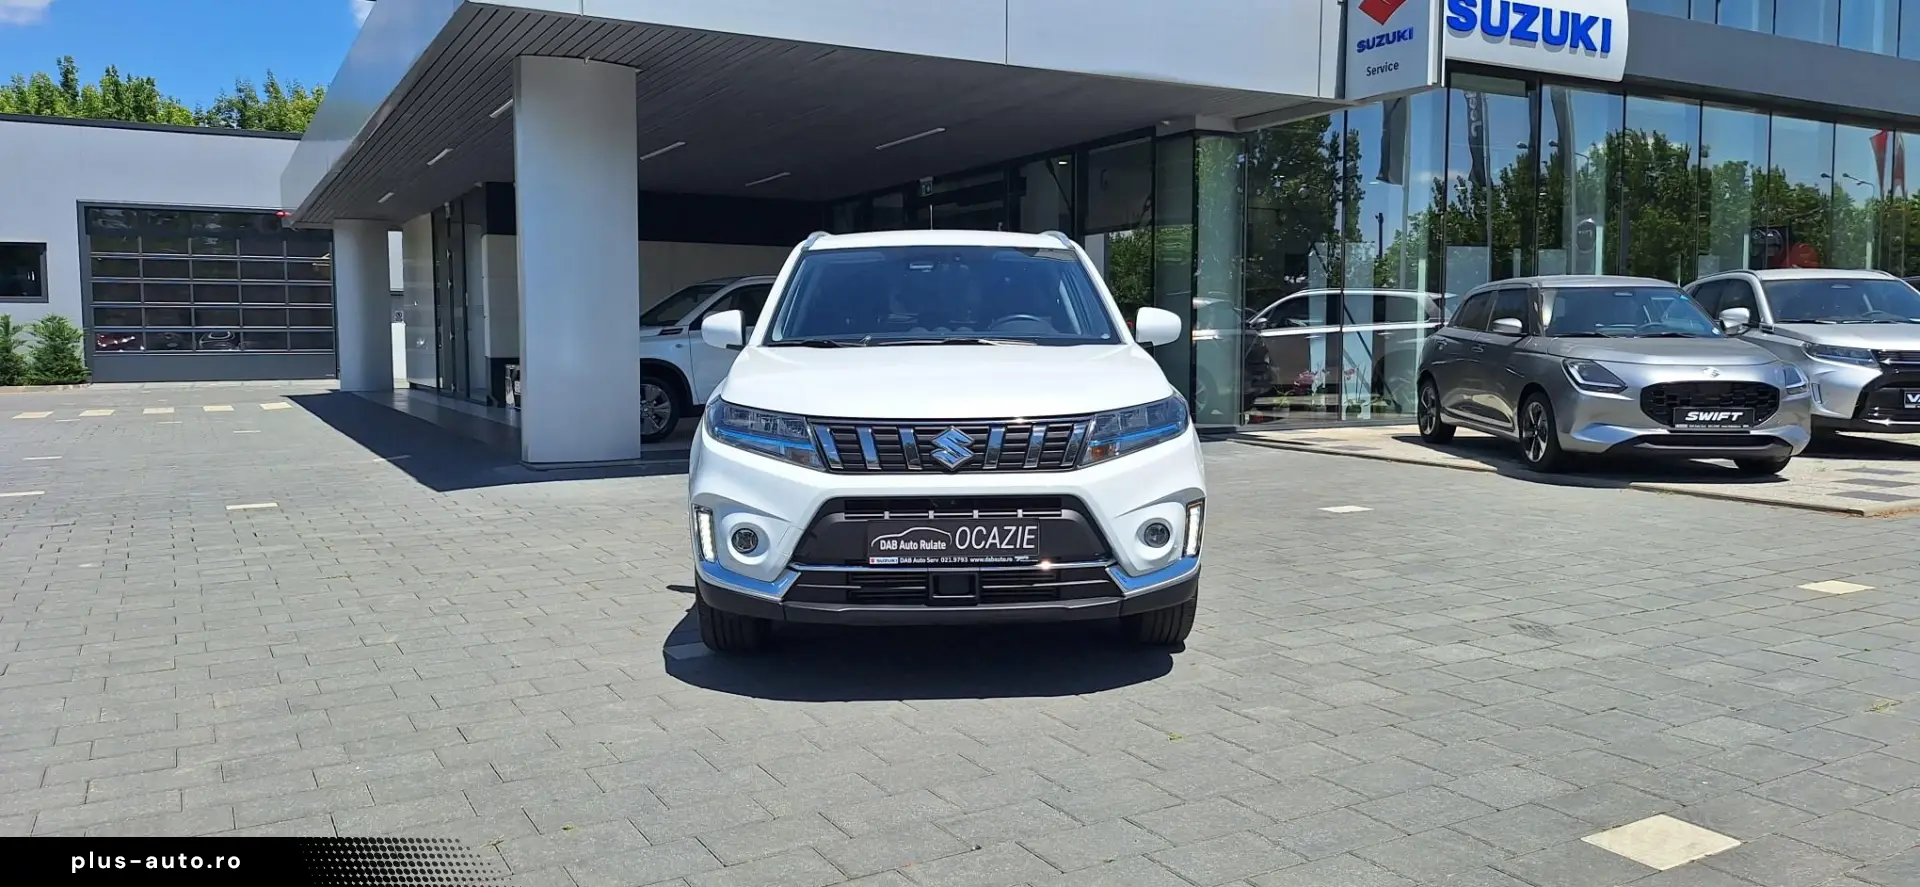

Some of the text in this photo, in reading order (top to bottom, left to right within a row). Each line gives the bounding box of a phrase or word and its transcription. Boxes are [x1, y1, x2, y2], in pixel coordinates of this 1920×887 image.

[1446, 0, 1612, 53] SUZUKI
[1356, 27, 1414, 53] SUZUKI
[1366, 60, 1400, 77] Service
[1685, 411, 1744, 421] SWIFT
[879, 539, 946, 550] DAB Auto Rulate
[955, 526, 1037, 549] OCAZIE

^^^^^^^^^^^^^^^^

# WHAT YOU SHOULD DO:
Retype each entry precisely. Skip images entirely.

# ANSWER SECTION:
Some of the text in this photo, in reading order (top to bottom, left to right within a row). Each line gives the bounding box of a phrase or word and its transcription. Boxes are [x1, y1, x2, y2], in pixel coordinates of this 1920×887 image.

[1446, 0, 1612, 53] SUZUKI
[1356, 27, 1414, 53] SUZUKI
[1366, 60, 1400, 77] Service
[1685, 411, 1744, 421] SWIFT
[879, 539, 946, 550] DAB Auto Rulate
[955, 526, 1037, 549] OCAZIE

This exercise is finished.